■ Aim of the exercise:
Would you give again, exactly, the lines running from the line with "Some of the text" to the end of the data below, both included?

***** Extracted material *****

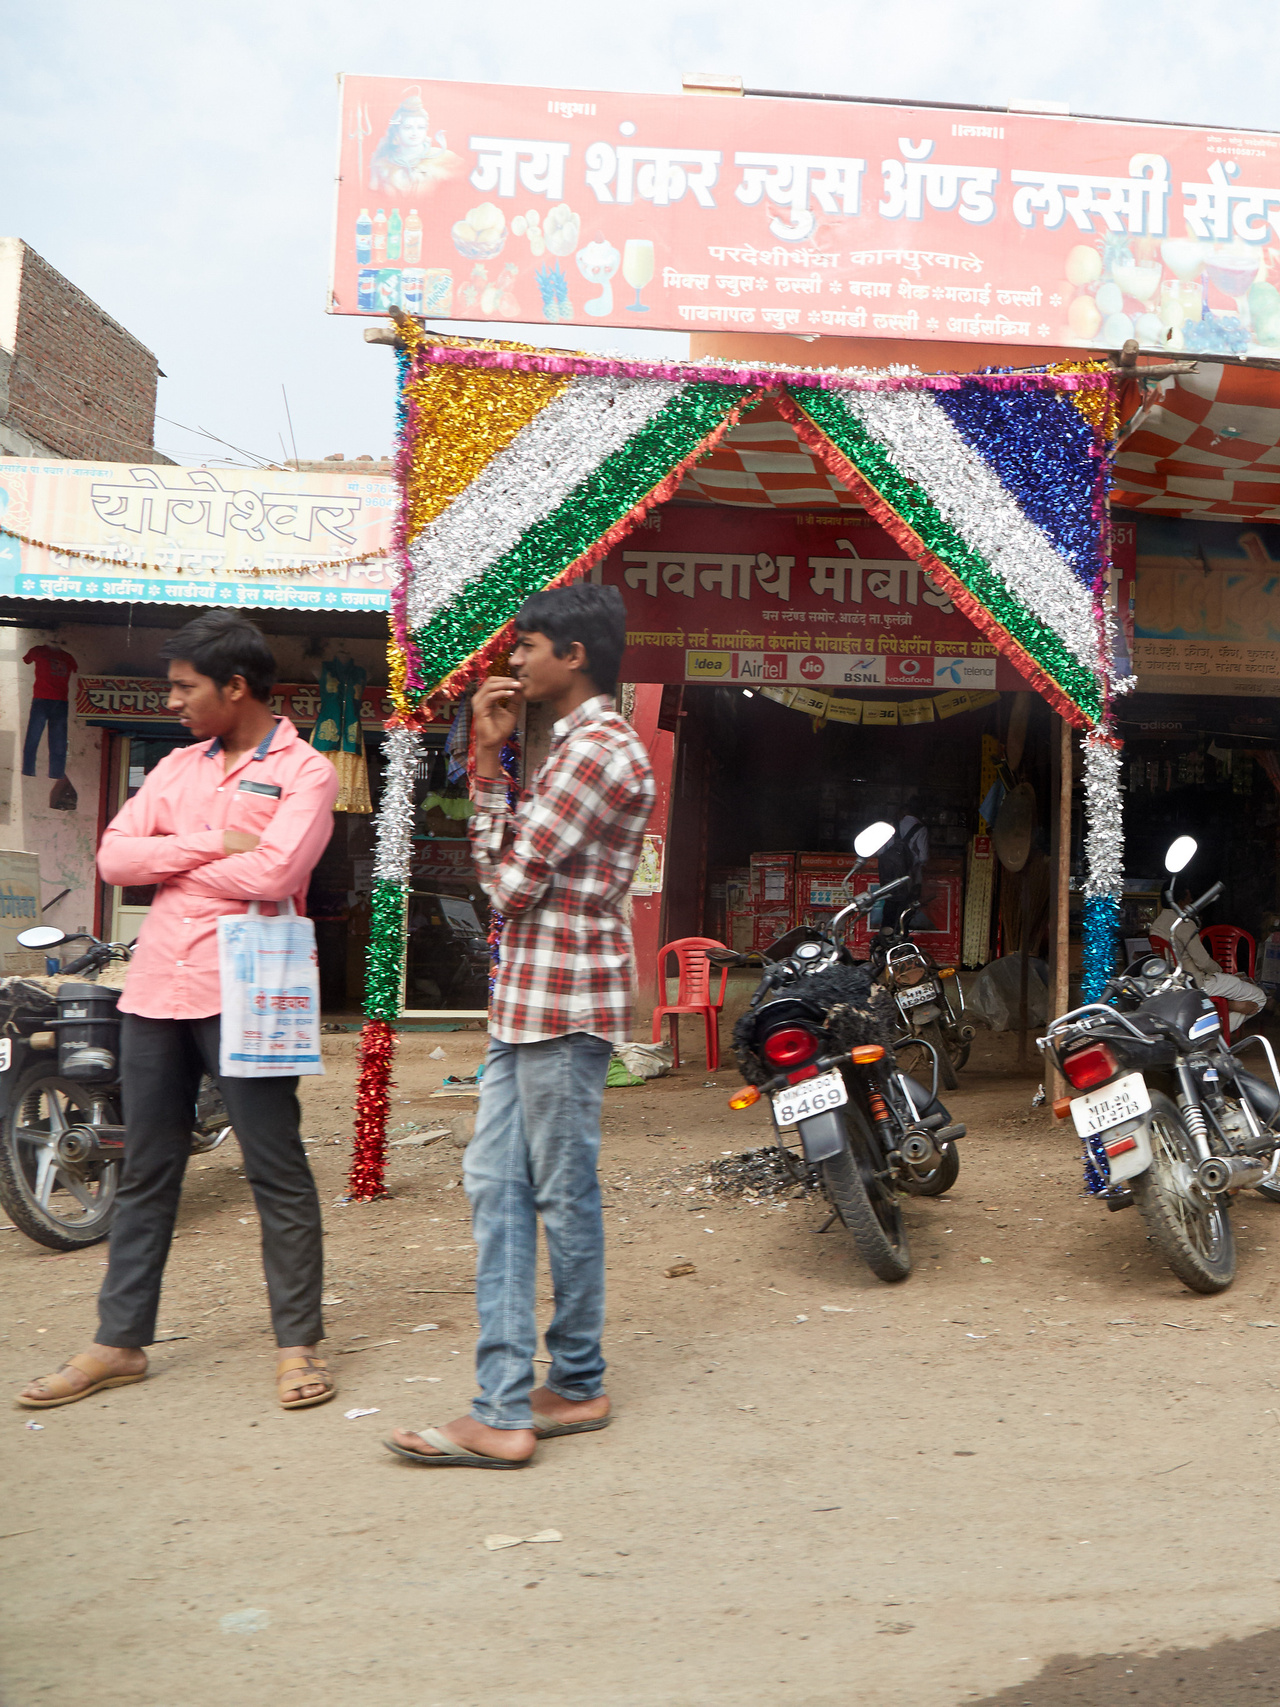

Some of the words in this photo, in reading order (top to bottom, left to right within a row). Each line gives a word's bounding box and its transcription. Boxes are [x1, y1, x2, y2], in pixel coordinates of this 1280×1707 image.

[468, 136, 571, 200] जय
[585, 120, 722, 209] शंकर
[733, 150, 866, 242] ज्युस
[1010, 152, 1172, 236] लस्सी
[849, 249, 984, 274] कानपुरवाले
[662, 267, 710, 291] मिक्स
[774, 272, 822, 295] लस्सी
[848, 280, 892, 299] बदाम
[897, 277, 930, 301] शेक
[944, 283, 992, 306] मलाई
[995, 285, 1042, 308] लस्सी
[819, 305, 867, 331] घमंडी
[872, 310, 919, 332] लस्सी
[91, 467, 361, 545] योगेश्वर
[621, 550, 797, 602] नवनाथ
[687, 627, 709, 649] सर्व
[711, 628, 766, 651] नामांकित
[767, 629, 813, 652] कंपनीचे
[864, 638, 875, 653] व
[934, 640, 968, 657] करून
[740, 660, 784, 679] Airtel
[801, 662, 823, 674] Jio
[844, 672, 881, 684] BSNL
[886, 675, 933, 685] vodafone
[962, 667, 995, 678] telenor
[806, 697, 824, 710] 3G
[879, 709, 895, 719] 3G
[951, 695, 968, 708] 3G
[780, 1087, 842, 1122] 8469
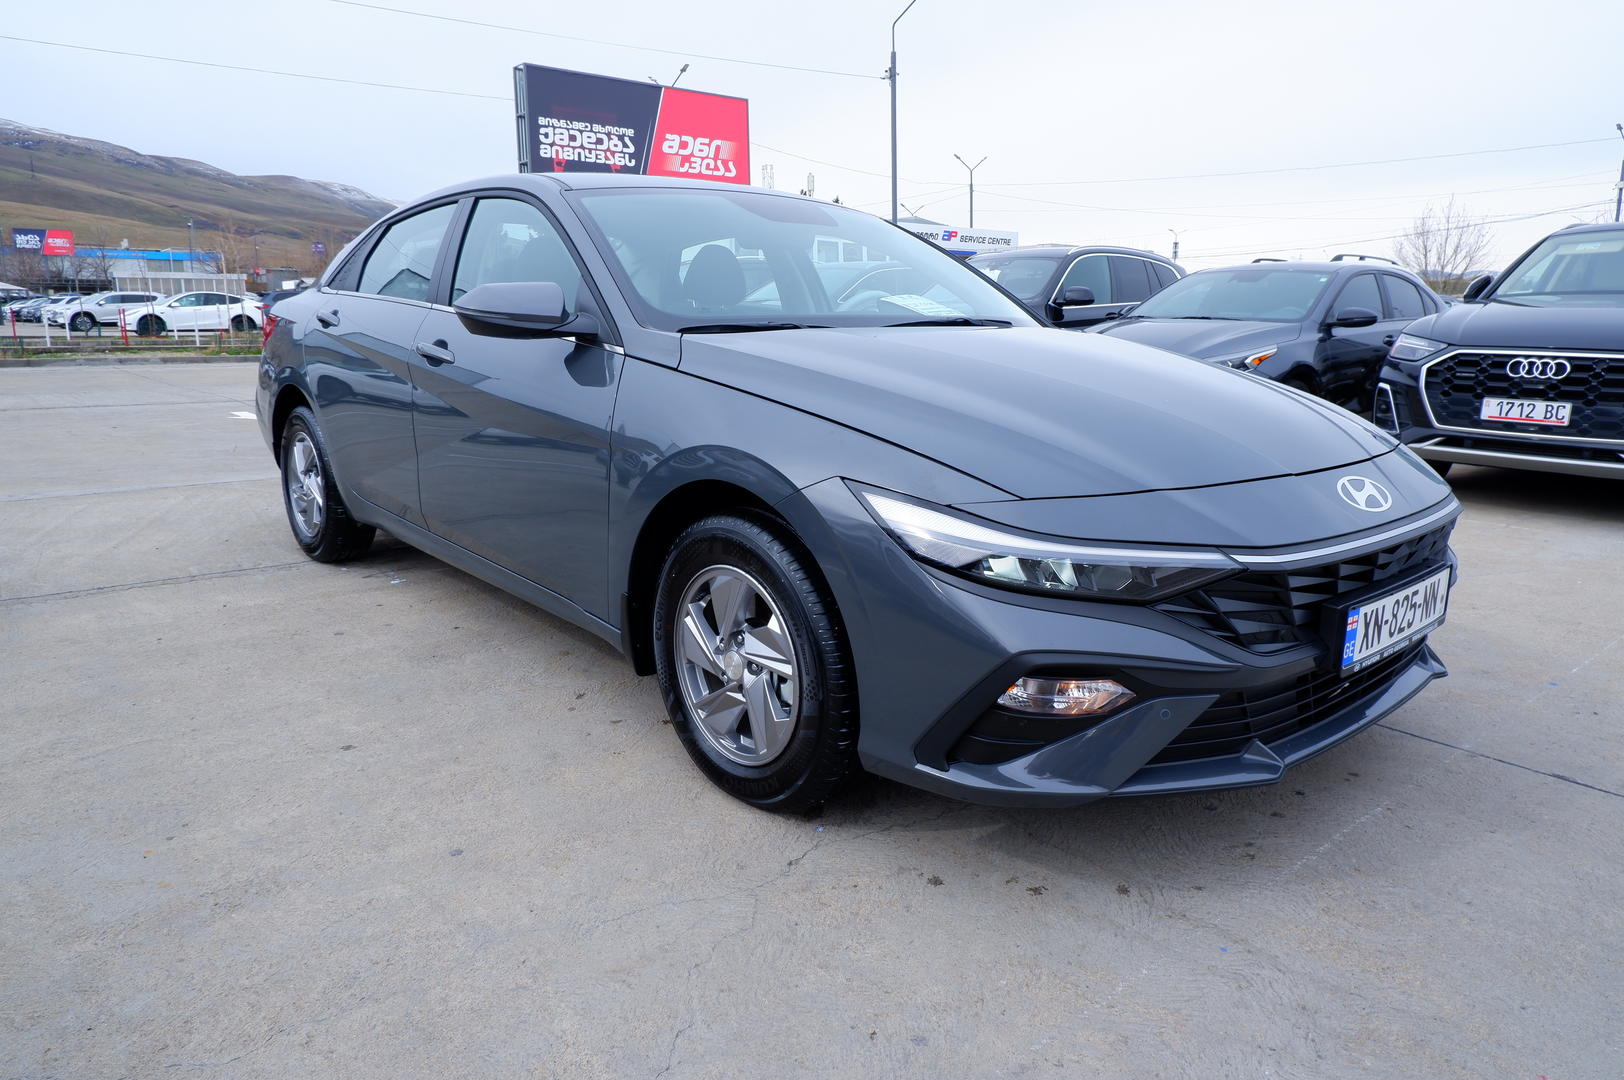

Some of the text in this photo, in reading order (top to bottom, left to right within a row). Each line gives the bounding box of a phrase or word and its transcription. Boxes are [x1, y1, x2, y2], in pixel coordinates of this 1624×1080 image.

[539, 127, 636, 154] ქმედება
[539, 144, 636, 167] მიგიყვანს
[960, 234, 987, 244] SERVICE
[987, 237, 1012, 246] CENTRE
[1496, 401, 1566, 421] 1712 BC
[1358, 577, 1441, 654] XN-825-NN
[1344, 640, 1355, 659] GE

*****

■ Result of this task:
Some of the text in this photo, in reading order (top to bottom, left to right within a row). Each line gives the bounding box of a phrase or word and its transcription. Boxes are [x1, y1, x2, y2], in pixel coordinates of this 1624×1080 image.

[539, 127, 636, 154] ქმედება
[539, 144, 636, 167] მიგიყვანს
[960, 234, 987, 244] SERVICE
[987, 237, 1012, 246] CENTRE
[1496, 401, 1566, 421] 1712 BC
[1358, 577, 1441, 654] XN-825-NN
[1344, 640, 1355, 659] GE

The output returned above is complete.